Accumulators

Accumulators are a way of passing data from within a semaphore group to its controlling funnel.

Accumulators are defined within pipelines as URLs. These must have the accu_name key, which indicates the name of the funnel’s parameter that will hold the data. These data come from the dataflow event, specifically the parameter that has the name of the accu_name key. This can be overridden with the accu_input_variable key. There are five types of Accumulators, all described below: scalar, pile, multiset, array and hash. For each of them we show how to initialise them and equivalent Perl code to build the same structure.

Scalar

Basic syntax:

?accu_name=scalar_name

Extended syntax:

?accu_name=scalar_name&accu_input_variable=output_parameter_name

Retrieval:

my $scalar_value = $self->param('scalar_name');

This is the simplest type of Accumulator. The basic syntax example passes he value of the scalar_name parameter from the fan to the funnel. The extended syntax example makes the value of the output_parameter_name parameter from the fan available to the funnel as if it were a parameter named scalar_name. If there are multiple Jobs in the fan, eHive will arbitrarily select one of them to define the Accumulator.

In Perl, this is equivalent to doing this:

Accumulator initialisation:
my $scalar_name;
Accumulator extension:
$scalar_name = $scalar_name;           # Basic syntax
$scalar_name = $output_parameter_name; # Extended syntax
Accumulator retrieval:
say "Value: $scalar_name";

Pile

Basic syntax:

?accu_name=pile_name&accu_address=[]

Extended syntax:

?accu_name=pile_name&accu_address=[]&accu_input_variable=pile_component

Retrieval:
my $pile_ref = $self->param('pile_name');
foreach my $pile_element (@{$pile_ref}) {
    # do something with $pile_element
}

A pile is an unordered list. All the pile_name (or pile_component in the second form) values that are dataflown into the Accumulator are aggregated into a list named pile_name in a random order.

In Perl, this is similar to doing this:

Accumulator initialisation:
my @pile_name;
Accumulator extension:
push @pile_name, $pile_name;             # Basic syntax
push @pile_name, $pile_component;        # Extended syntax
Accumulator retrieval:
foreach my $v (@pile_name) {
    say "Value: $v";
}

Multiset

Basic syntax:

?accu_name=multiset_name&accu_address={}

Extended syntax:

?accu_name=multiset_name&accu_address={}&accu_input_variable=multiset_component

Retrieval:
my $multiset_ref = $self->param('multiset_name');
foreach my $multiset_key (keys(%{$multiset_ref})) {
    my $count = $multiset_ref->{$multiset_key};
}

A multiset is a set that allows multiple instances of the same element (see Wikipedia). It is implemented in eHive as a hash that maps each element to its multiplicity (a positive integer). The above URLs define a multiset named multiset_name, filling it with either the multiset_name or multiset_component parameter.

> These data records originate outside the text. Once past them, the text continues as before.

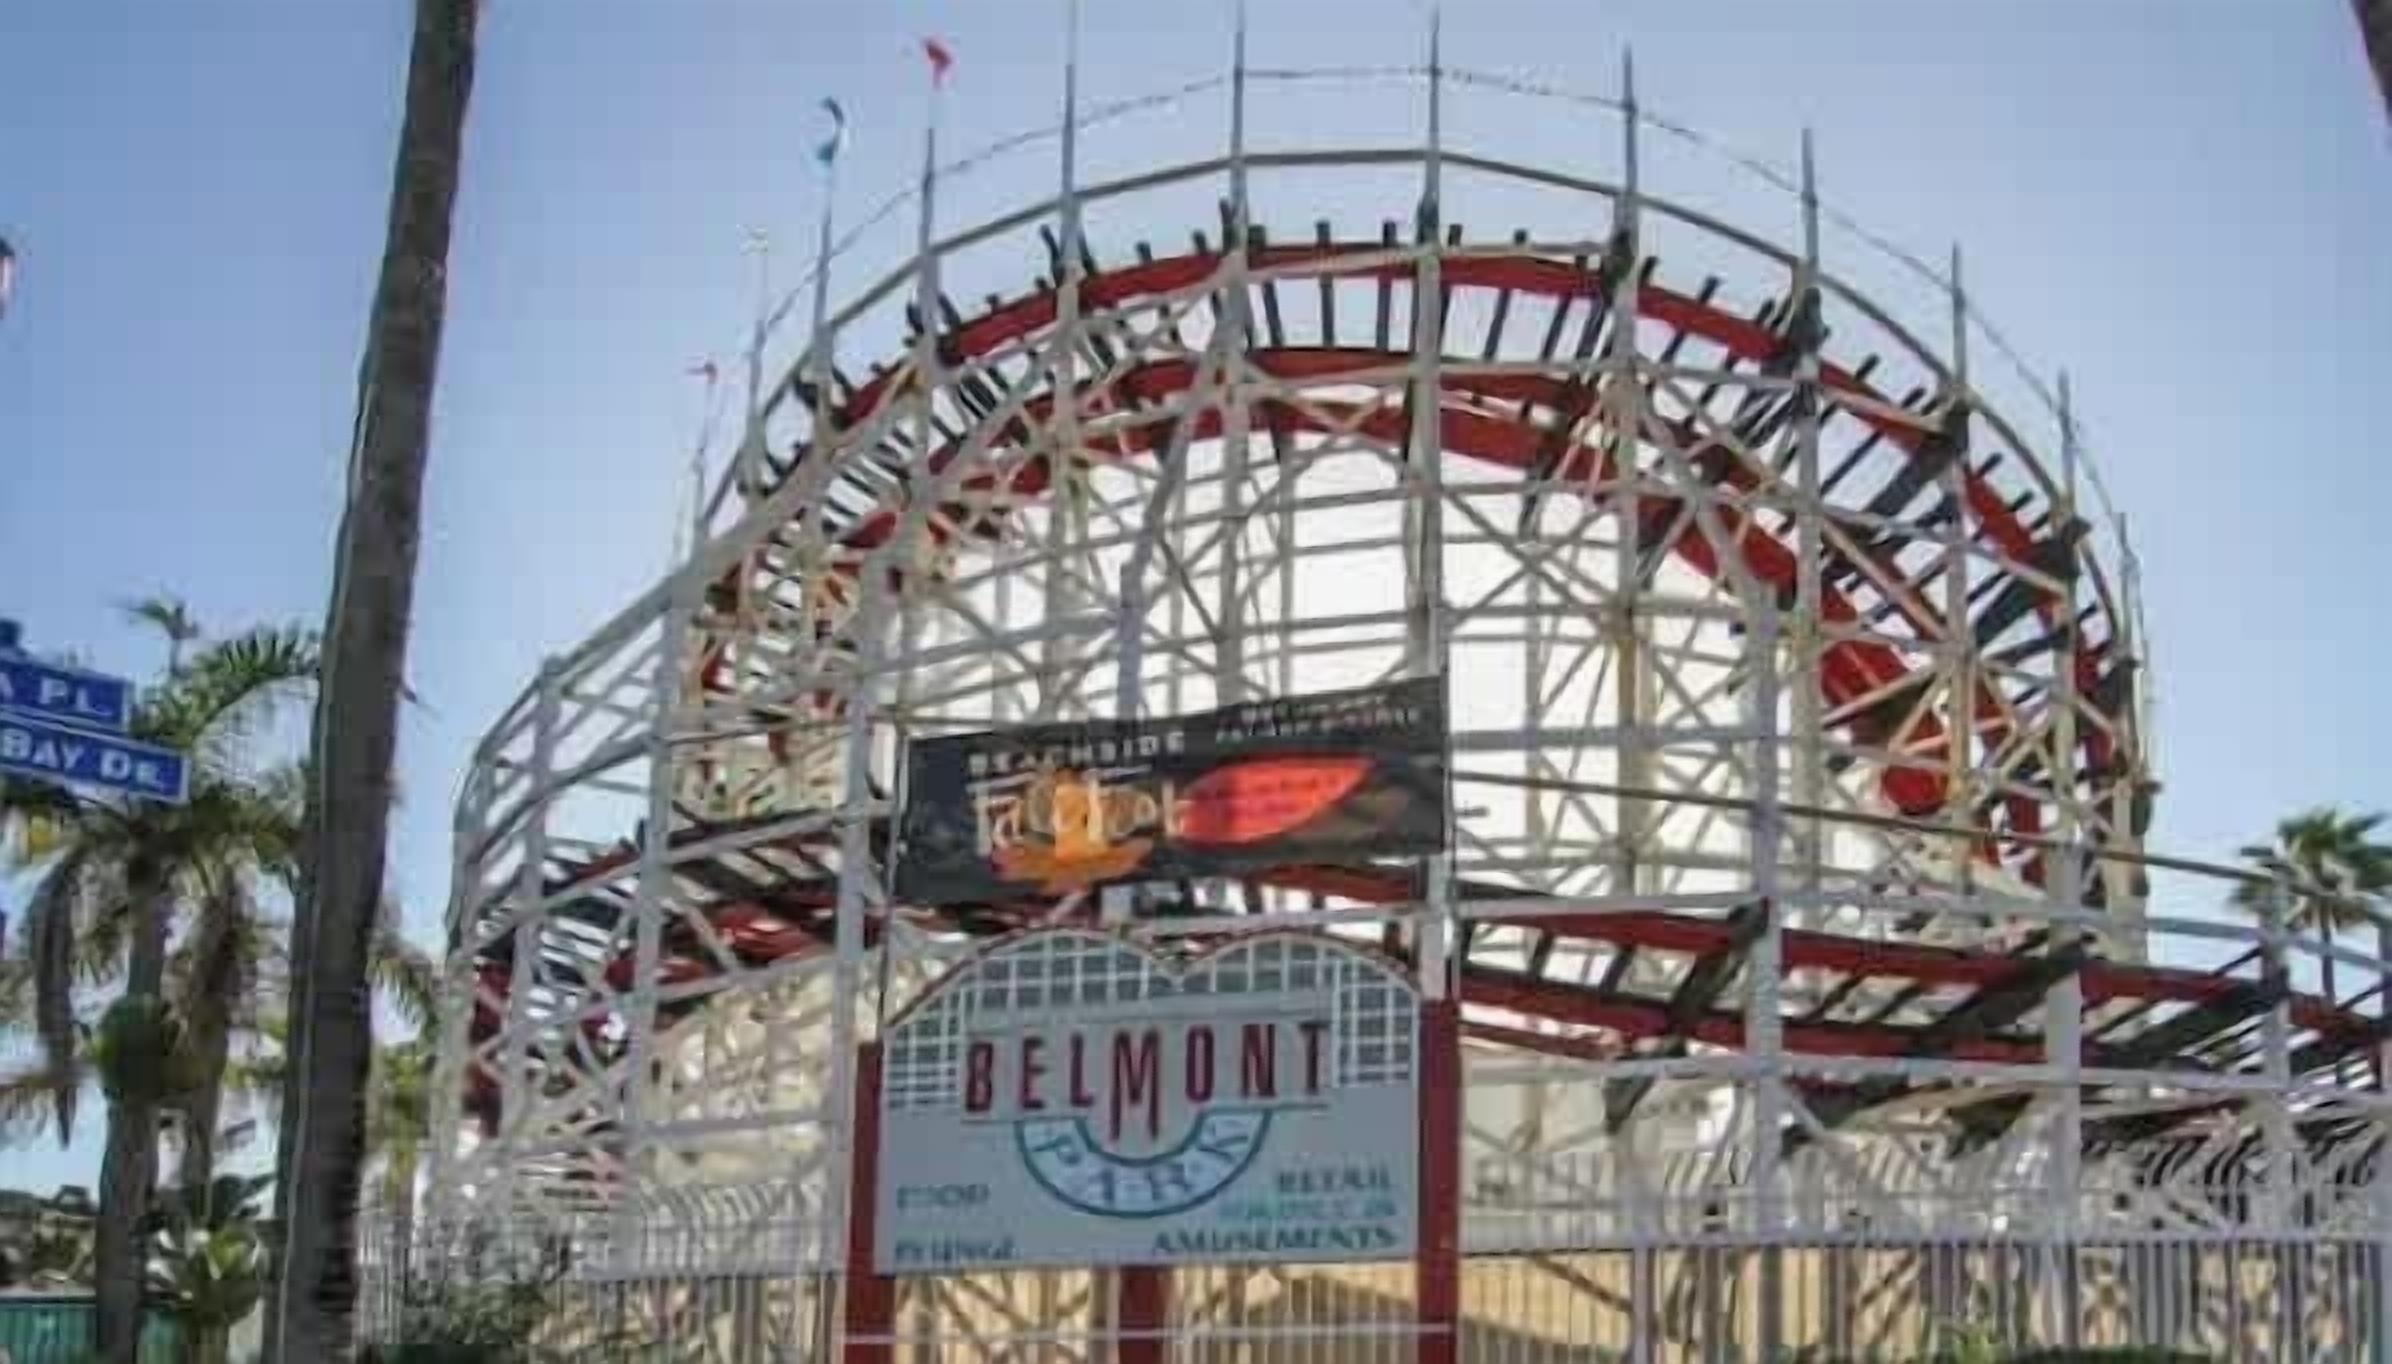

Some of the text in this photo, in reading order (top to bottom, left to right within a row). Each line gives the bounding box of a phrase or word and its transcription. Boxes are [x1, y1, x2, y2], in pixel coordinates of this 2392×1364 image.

[1, 727, 85, 770] BAY
[965, 1022, 1330, 1142] BELMONT
[1031, 1116, 1252, 1204] PARK
[1277, 1164, 1393, 1194] RETAIL
[1152, 1223, 1400, 1253] AMUSEMENTS

In Perl, this is equivalent to doing this:

Accumulator initialisation:
my %multiset_name;
Accumulator extension:
$multiset_name{$multiset_name} += 1;             # Basic syntax
$multiset_name{$multiset_component} += 1;        # Extended syntax
Accumulator retrieval:
foreach my $key (keys %multiset_name) {
    say "Value $key is present ".$multiset_name{$key}." times";
}

Array

Basic syntax:

?accu_name=array_name&accu_address=[index_name]

Extended syntax:

?accu_name=array_name&accu_address=[index_name]&accu_input_variable=array_item

Retrieval:
my $array_arrayref = $self->param('array_name');
foreach my $array_element (@{$array_arrayref}) {
    # do something with $array_element
}

Here the emitting Job must flow both the value of the array item (either via the array_name or array_item parameter) and its index index_name. eHive puts together the items at the requested positions, filling the gaps with undef, in an array named array_name.

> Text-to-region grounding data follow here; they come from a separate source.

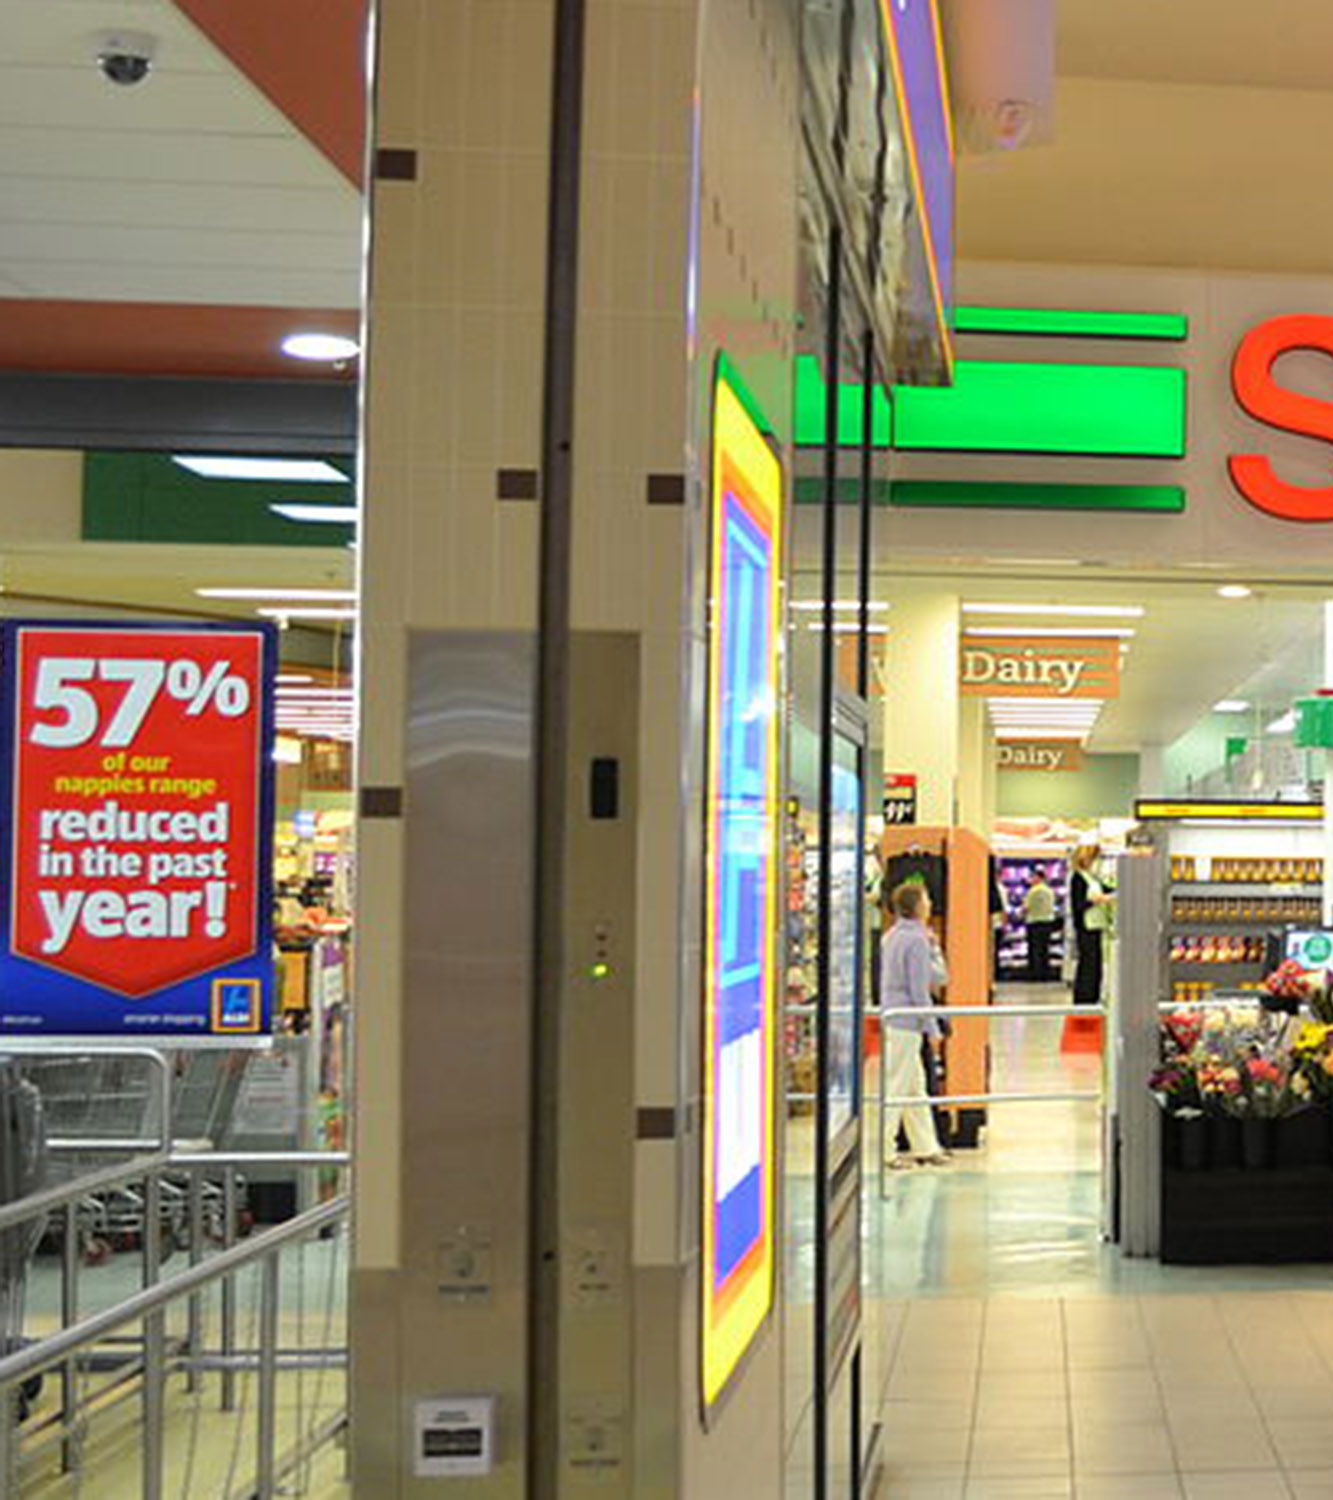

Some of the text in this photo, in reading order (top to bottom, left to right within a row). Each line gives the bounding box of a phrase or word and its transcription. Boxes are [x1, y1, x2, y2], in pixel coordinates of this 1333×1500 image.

[962, 648, 1084, 694] Dairy
[29, 657, 250, 748] 57%
[103, 752, 171, 772] of our
[998, 746, 1062, 769] Dairy
[55, 773, 217, 798] nappies range
[38, 801, 230, 842] reduced
[38, 844, 228, 885] in the past

In Perl, this is equivalent to doing this:

Accumulator initialisation:
my @array_name;
Accumulator extension:
$array_name[$index_name] = $array_name;          # Basic syntax
$array_name[$index_name] = $array_item;          # Extended syntax
Accumulator retrieval:
foreach my $v (@array_name) {
    say "Value: $v";
}

Hash

Basic syntax:

?accu_name=hash_name&accu_address={key_name}

Extended syntax:

?accu_name=hash_name&accu_address={key_name}&accu_input_variable=hash_item

Retrieval:
my $hash_hashref = $self->param('hash_name');
foreach my $key (keys(%{$hash_hashref})) {
    my $value = $hash_hashref->{$key};
}

Here the emitting Job must flow both the value of the hash item (either via the hash_name or hash_item parameter) and the key name key_name. eHive puts together the items in a hash named hash_name.

In Perl, this is equivalent to doing this:

Accumulator initialisation:
my %hash_name;
Accumulator extension:
$hash_name{$key_name} = $hash_name;          # Basic syntax
$hash_name{$key_name} = $hash_item;          # Extended syntax
Accumulator retrieval:
foreach my $key (keys %hash_name) {
    say "Value $key is mapped to ".$hash_name{$key};
}

Advanced data structures

The accu_address key can define more complex data structures by chaining the simple address types shown above. For instance the following Accumulator definition will create a multi-level hash that stores the list of all genes on each triplet (species, chromosome, strand).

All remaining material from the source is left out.